Annotated photo localization data
==========

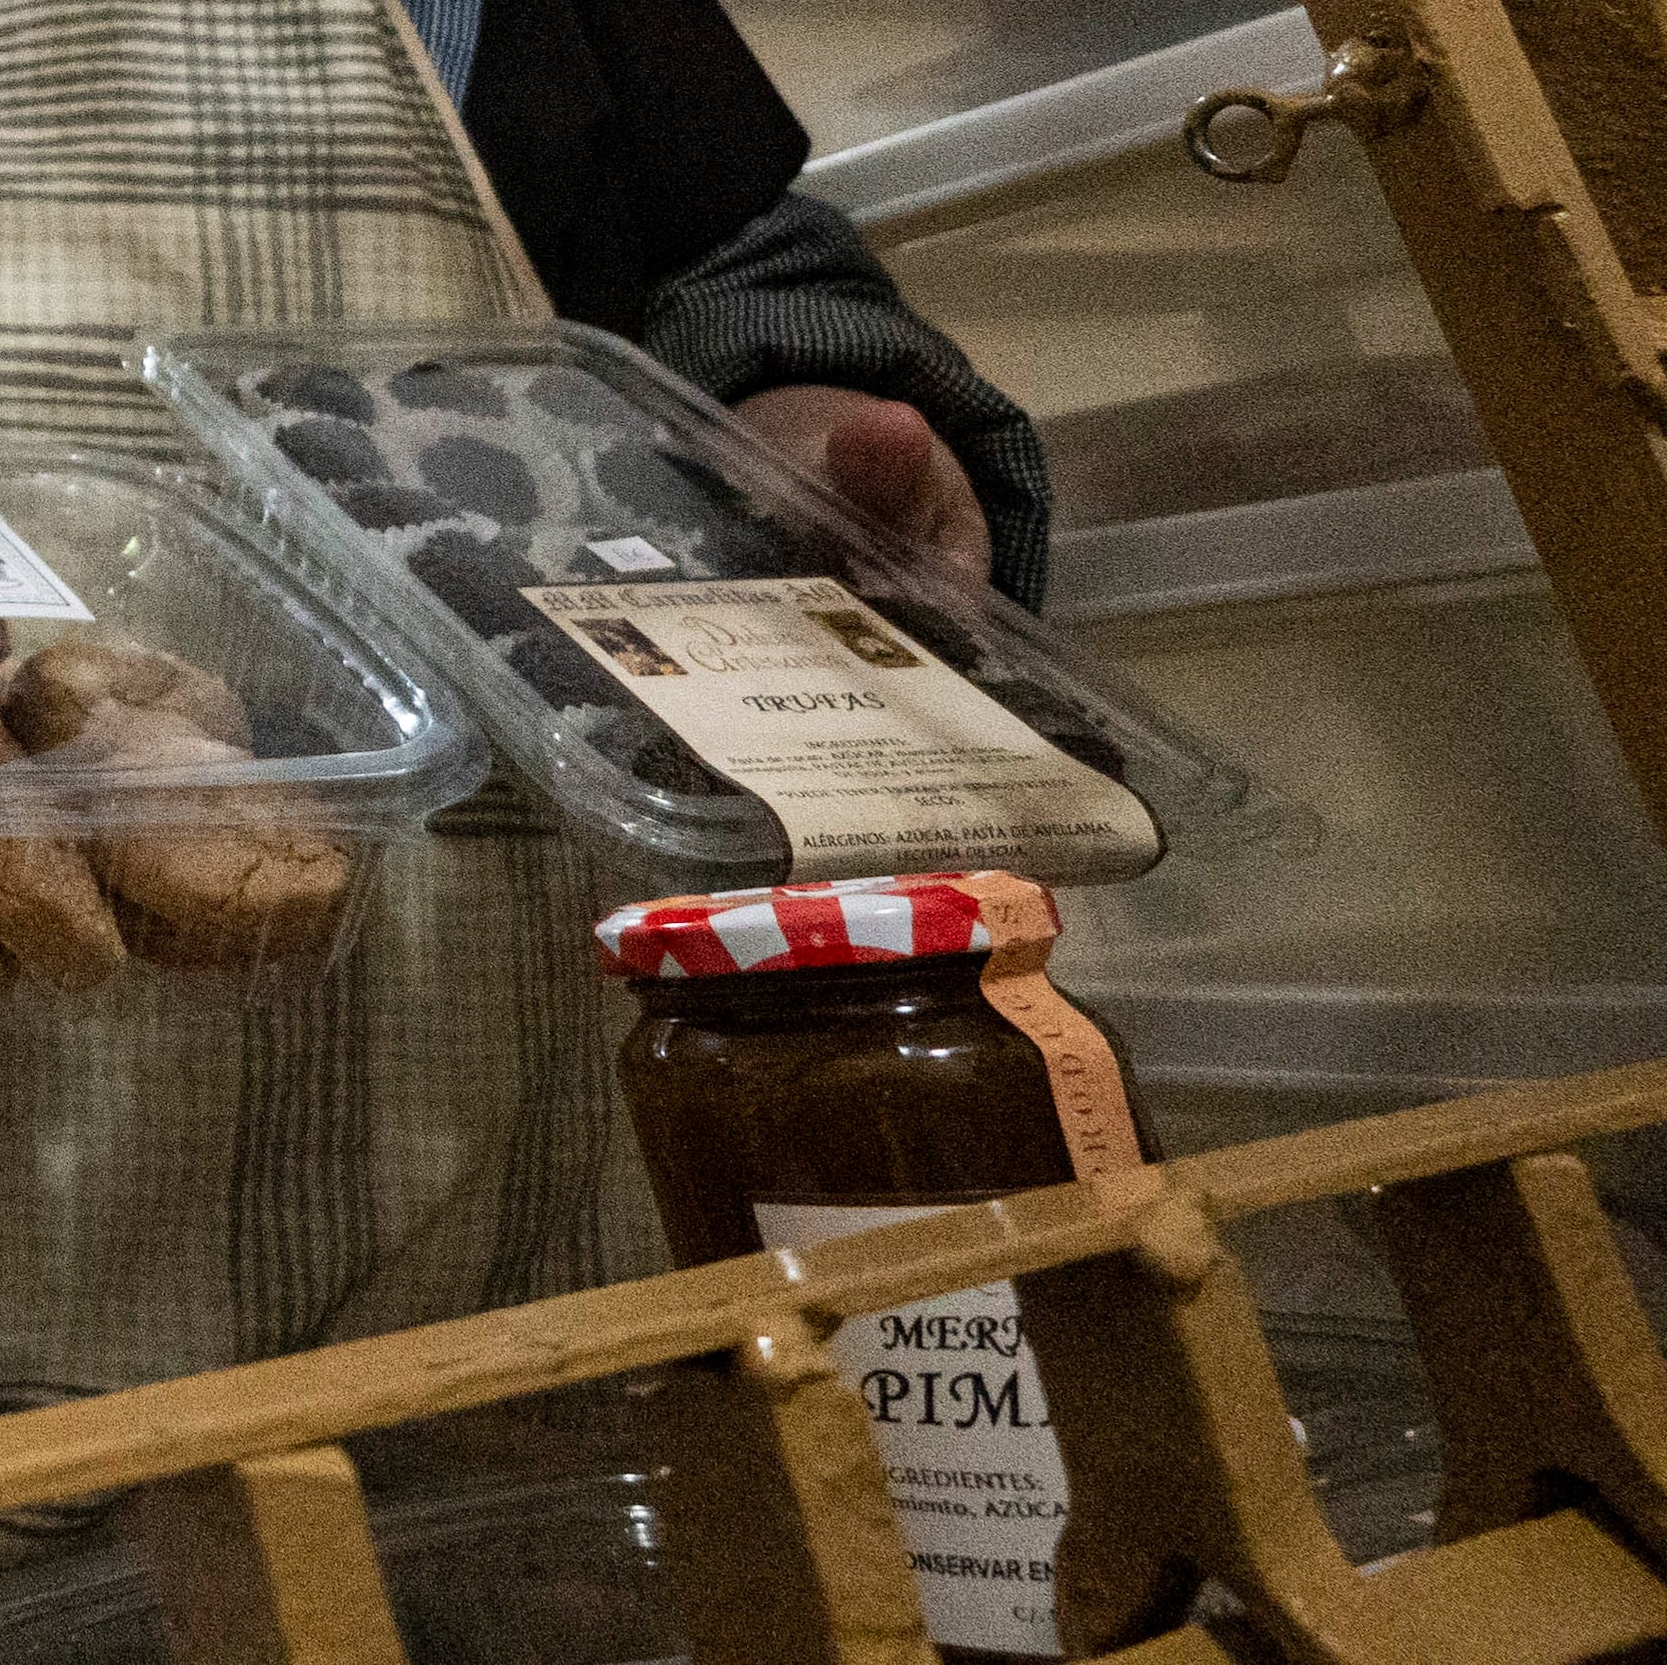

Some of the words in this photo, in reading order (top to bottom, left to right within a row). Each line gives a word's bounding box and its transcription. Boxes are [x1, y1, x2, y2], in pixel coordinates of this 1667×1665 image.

[742, 690, 885, 713] TRUFAS
[861, 1368, 1051, 1429] PIM
[888, 1466, 1045, 1492] GREDIENTES:
[985, 1496, 1068, 1519] AZÚCA
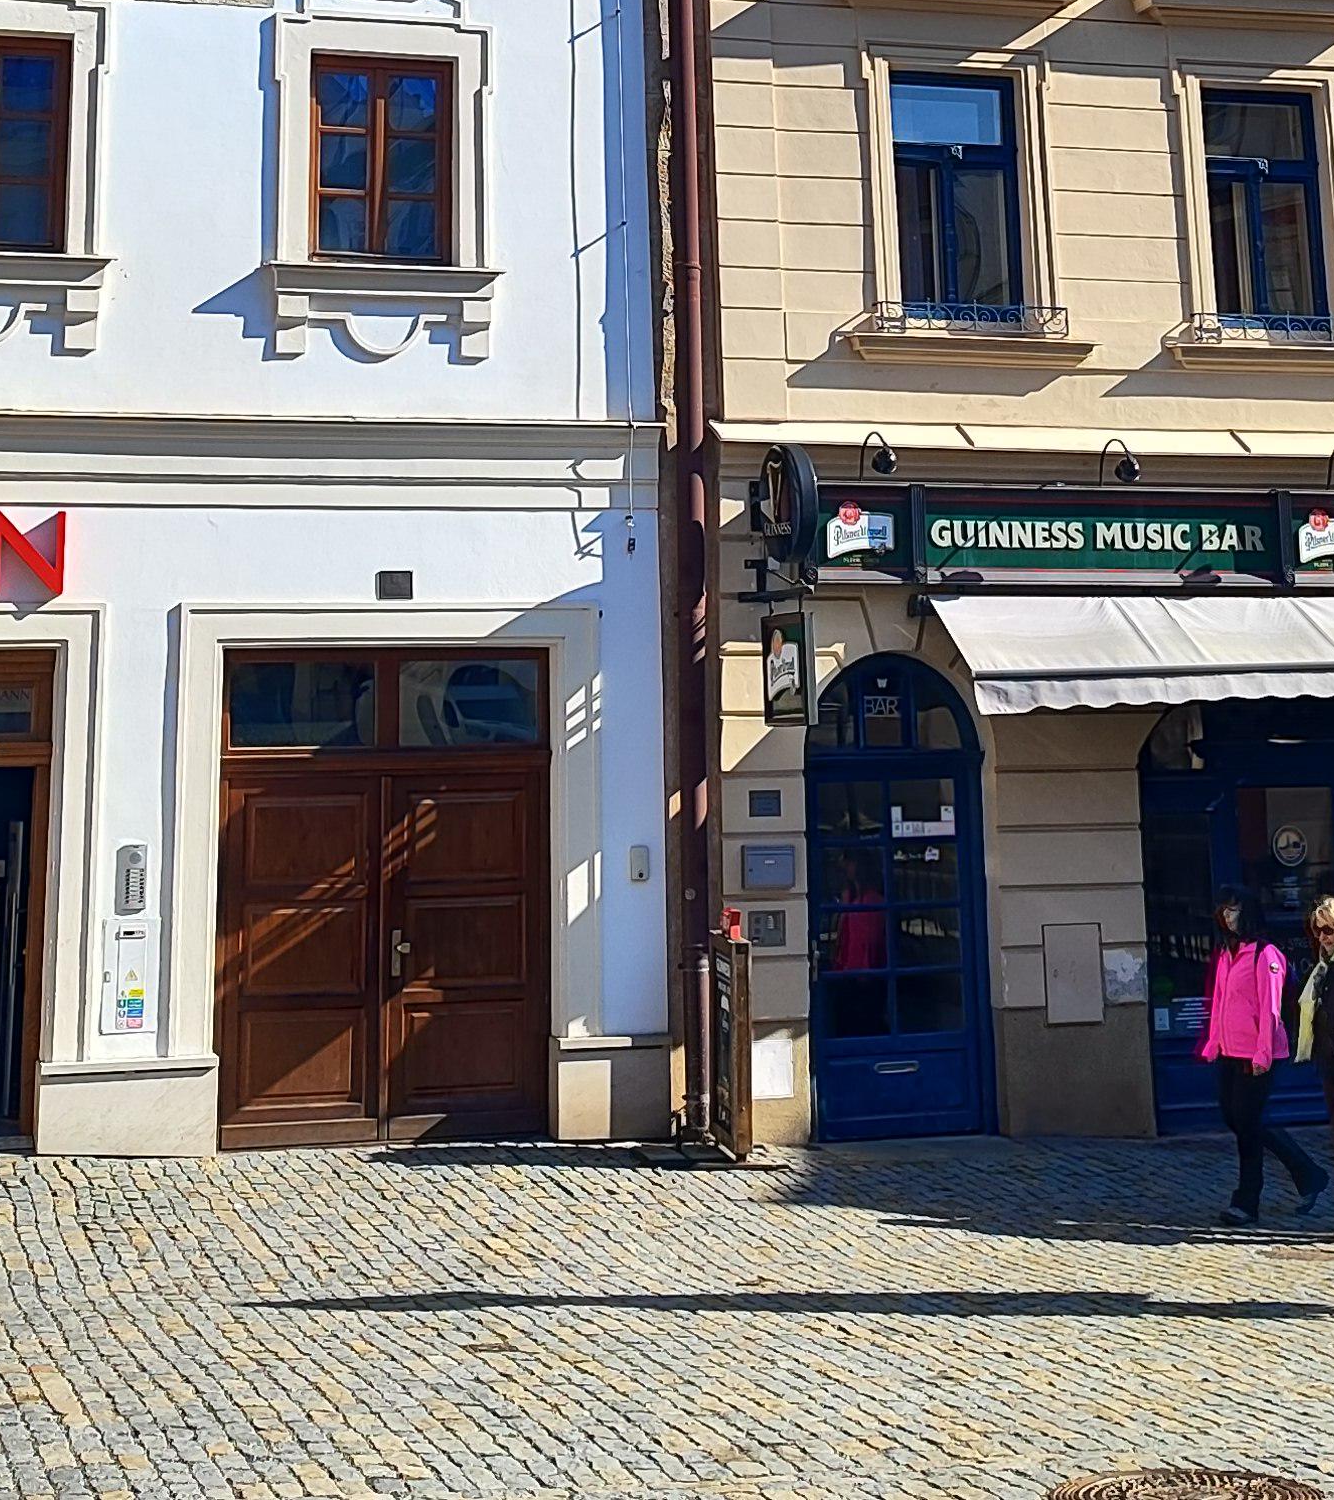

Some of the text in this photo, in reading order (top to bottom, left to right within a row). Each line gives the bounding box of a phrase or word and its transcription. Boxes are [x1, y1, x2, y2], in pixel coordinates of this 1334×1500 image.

[833, 524, 859, 546] Pilsner
[930, 519, 1265, 551] GUINNESS MUSIC BAR
[863, 697, 899, 715] BAR
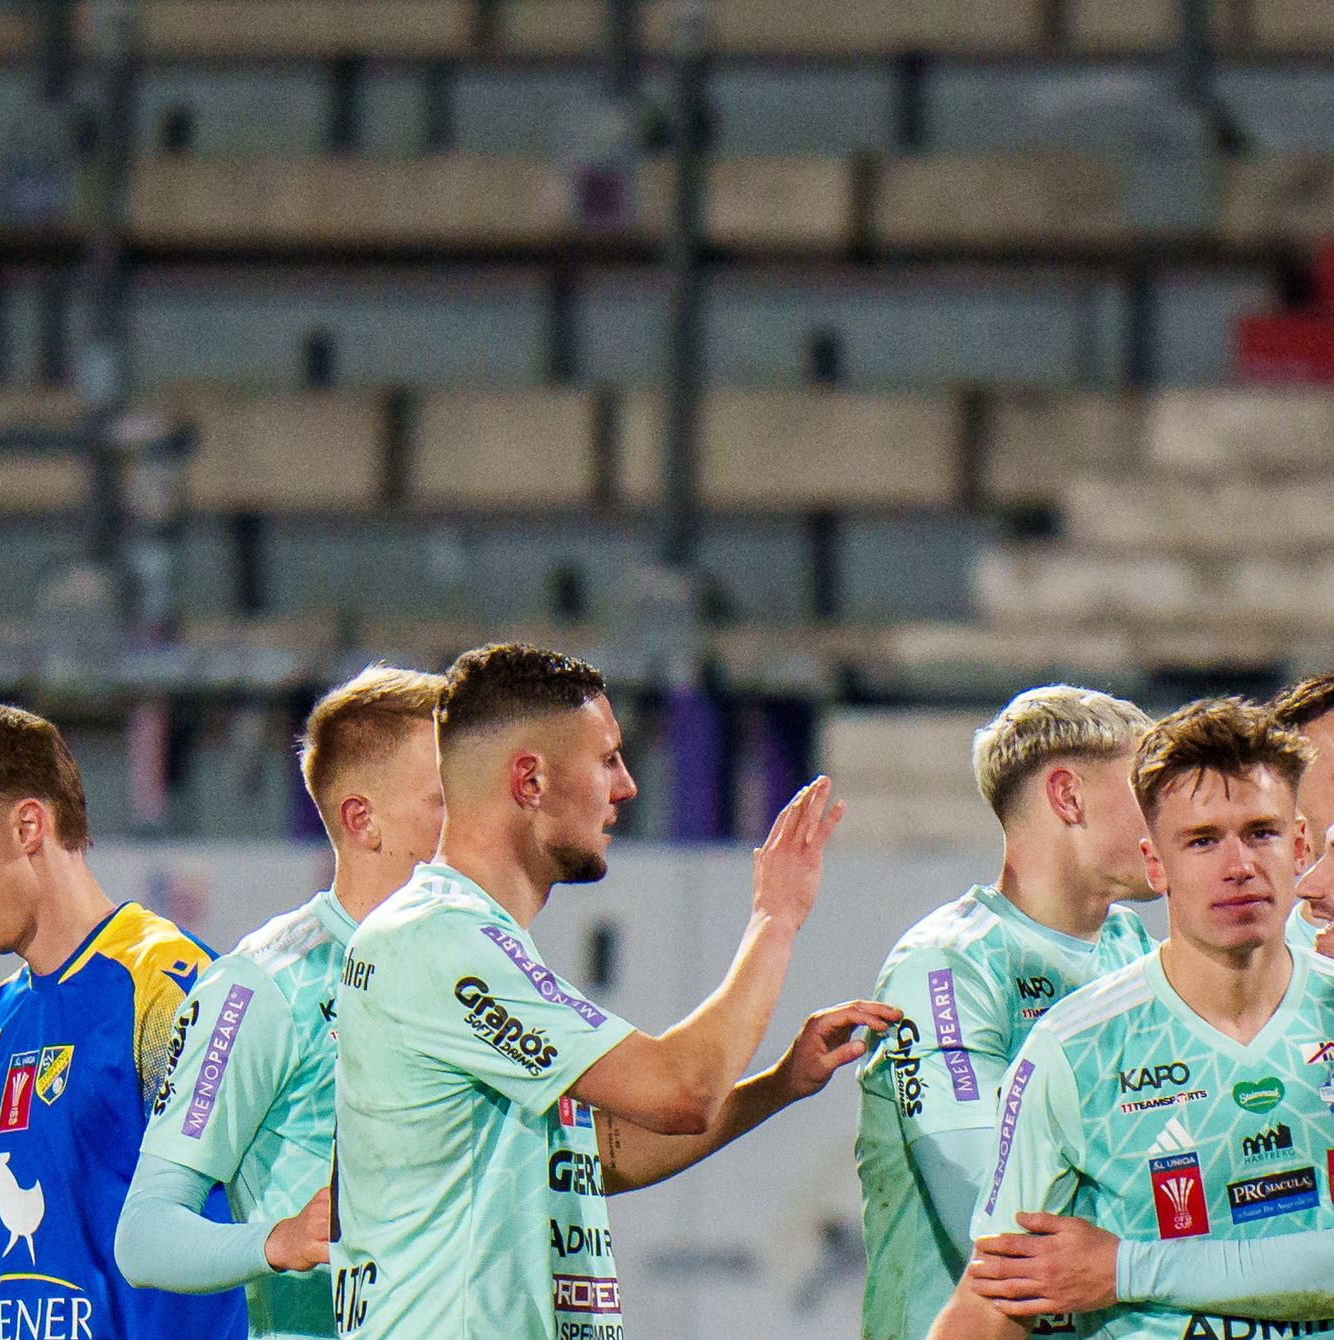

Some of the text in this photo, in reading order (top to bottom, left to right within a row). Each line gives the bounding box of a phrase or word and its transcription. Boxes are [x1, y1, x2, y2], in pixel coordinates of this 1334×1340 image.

==========

Task details:
Once the pictures are set aside, write out each record exactly.

Result below:
Some of the words in this photo, in reading order (top to bottom, left to right within a row). Each line gives a word's bounding box and its transcription. Boxes are [x1, y1, x2, y2], in pixel coordinates of this 1667×1665 image.

[742, 690, 885, 713] TRUFAS
[861, 1368, 1051, 1429] PIM
[888, 1466, 1045, 1492] GREDIENTES:
[985, 1496, 1068, 1519] AZÚCA

Some of the text in this photo, in reading order (top to bottom, left to right within a row). Each line gives the bounding box of a phrase or word and its transcription. Boxes are [x1, y1, x2, y2], in pixel coordinates of this 1334×1500 image.

[833, 524, 859, 546] Pilsner
[930, 519, 1265, 551] GUINNESS MUSIC BAR
[863, 697, 899, 715] BAR

Some of the text in this photo, in reading order (top to bottom, left to right within a row). Each line gives the bounding box of a phrase or word and its transcription. Boxes are [x1, y1, x2, y2], in pixel coordinates of this 1334×1340 image.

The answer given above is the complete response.